ゴブリン戦士はフレイルと鎧で武装しているのに対し、他のゴブリンは粗末な斧を手にしているだけだからだ。
「よいか? ピックルとやら、動きが止まったらお主も攻撃に参加してよいぞ。そうでなければやめておくことじゃ。年寄りの言うことは聞くもんじゃぞ?」
「は〜い」
ヴィクトリアがピックルへ指示を出す。
「ピックル君、よ〜く引き付けてから狙ってね」
ユフィは仕掛けた罠でゴブリン達を狙っていた。
ゆっくりと近づいてくるゴブリン達。
「射程圏内に入ったわよ!」
ユフィがナイフを仕掛けた罠の紐を狙って投げつけた。
ナイフは見事に紐を切断し、しなった枝がゴブリン達へ襲い掛かる。
ダメージは少ないものの、意表を突かれたゴブリンは動きを止めた。
「‥‥では、私達がゴブリンを相手します‥‥ピックル殿達はゴブリン戦士をお願いします‥‥」
文淳の言葉を受けて、ゼファンとピックルのシフール撹乱部隊が飛び出した。
「ただ、闇雲に突っ込んでいけば良いってモンじゃないんだよ〜? わかった〜?」
「わかったよぉ〜」
ゼファンがピックルに無茶をしないように釘を刺す。
「じゃぁ、いざ決戦だ〜!」
ゴブリン達を振り切り、2人はゴブリン戦士へ近づいた。
同時にチャグもゴブリン戦士へ向かい、文淳と浄炎が3匹のゴブリンの中に飛び込む。
レイエスはピックルの援護へ当たった。
「後が詰まっているのでな、早々に片を付けさせてもらうぞ!」
鍛えられた拳にオーラパワーを込め、力強い踏み込みで目の前のゴブリンに突きを放つ。
十二形意拳・丑の奥義「牛角拳」。
その強烈な突きはゴブリンを吹き飛ばすには十分なものだった。
「‥‥手は出させません‥‥」
文淳はトリッピングでゴブリンを転倒させたり、ディザームで武器の斧を叩き落したりと、トリッキーな技の連続でゴブリンに攻撃する隙を与えない。

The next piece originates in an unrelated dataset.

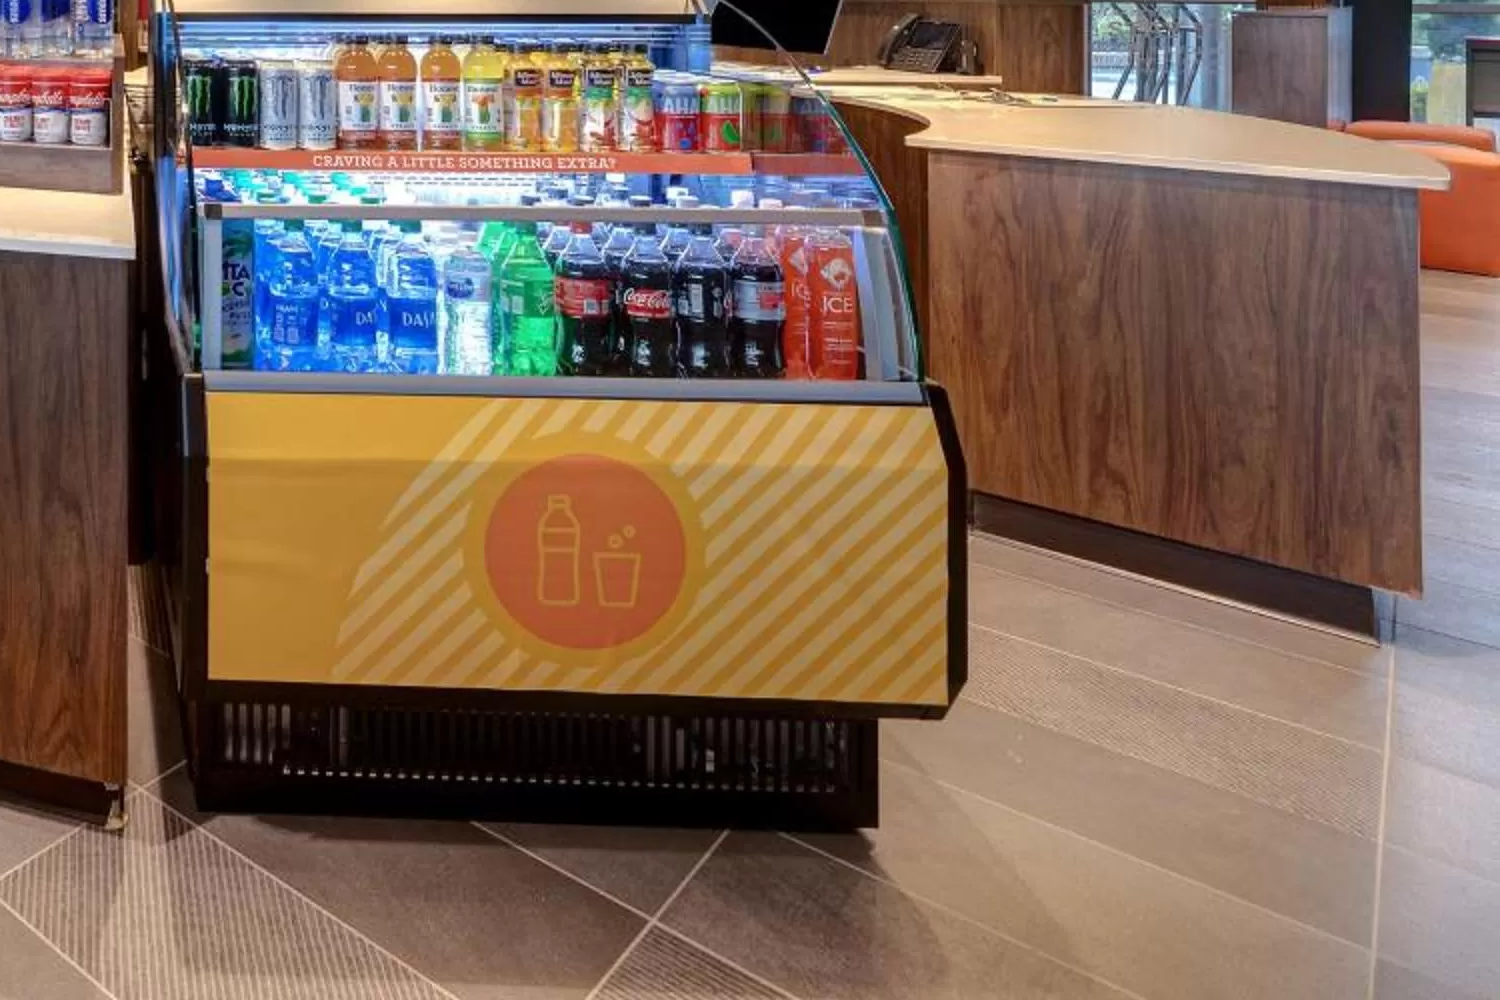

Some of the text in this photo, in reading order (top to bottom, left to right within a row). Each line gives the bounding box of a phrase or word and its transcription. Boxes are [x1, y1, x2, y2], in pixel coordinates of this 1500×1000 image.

[312, 155, 616, 170] CRAVING A LITTLE SOMETHING EXTRA?
[222, 261, 250, 281] ITA
[821, 295, 854, 313] ICE

そこへ、ユフィの放った矢やセレニウムの唱えたウインドスラッシュが命中し、体力を奪っていく。
「一度、これをやってみたかったのじゃ」
ヴィクトリアは微笑と共にスクロールを取り出した。
「天空より出でよ稲妻‥‥ヘブンリィライトニング!」
スクロールを広げてヴィクトリアが念じると、轟音と共に上空から稲妻がゴブリン目掛けて落ちる。
「ほほぉ‥‥予想よりすごいもんじゃの」
条件は厳しいが、その魔法の威力はなかなかのものである。
落雷に撃たれたゴブリンは痙攣し、そのまま動かなくなった。
「こっちだべ。俺が相手になるだよ」
仲間が戦っている間に、チャグがゴブリン戦士へ切り掛かっていた。
2人のシフールが撹乱している間にゴブリンとゴブリン戦士は引き離されていた。
「さてと、どれくらいの実力だべ」
実力はあるがモンスターと戦った事の無いチャグ。
競技ではない、常に死と隣り合わせの状況で戦い抜いてきたゴブリン戦士。
戦いは互角であった。
「わ〜! 頑張って!」
ピックルがチャグを応援する。
だが、それが極めて危険な行為だと言う事をピックルは知らない。
その隙を突いてゴブリン戦士のフレイルがピックルを襲う。
「危ない!」
間一髪の所でレイエスの放ったダーツが命中し、ピックルは辛くもフレイルを避ける事が出来た。
「油断するではないだよ!」
チャグの怒声と共にロングソードがゴブリン戦士の頭に振り下ろされる。
その一撃が致命傷となり、ゴブリン戦士は倒れた。
その周りでは信頼すべき仲間達が3匹のゴブリンを仕留めていた。
*
「残念だけど‥‥このままじゃ、まだ問題児のままだよね」
「うぅぅ‥‥ごめんなさい」
レイエスがピックルへ厳しく言い放つ。
戦いの中で隙を見せる事が如何に危険な事か‥‥。
それが、死に至る最も大きな要素であるのだ。
「成る程‥‥何故、ピックル君が依頼に失敗してきたのか、原因がわかったような気がします‥‥」
セレニウムが泣きじゃくるピックルを見て呟く。
「‥‥無事だったからよかったのですが‥‥今回の件を反省して、次に繋げて下さい‥‥」
文淳がピックルの頭を優しく撫でる。
やはり問題はあったものの、依頼は成功である。
失敗は成長の糧。
失敗をしても、繰り返さぬよう努力する事が大切なのだ。
失敗の無い人間なんていない。
どんな名将だろうと失敗する事はある。
ただ、その失敗を反省し、次に生かす事が出来るかどうか。
それが勇者と愚者の違いだ。
彼でも勇者になれる‥‥だろうか?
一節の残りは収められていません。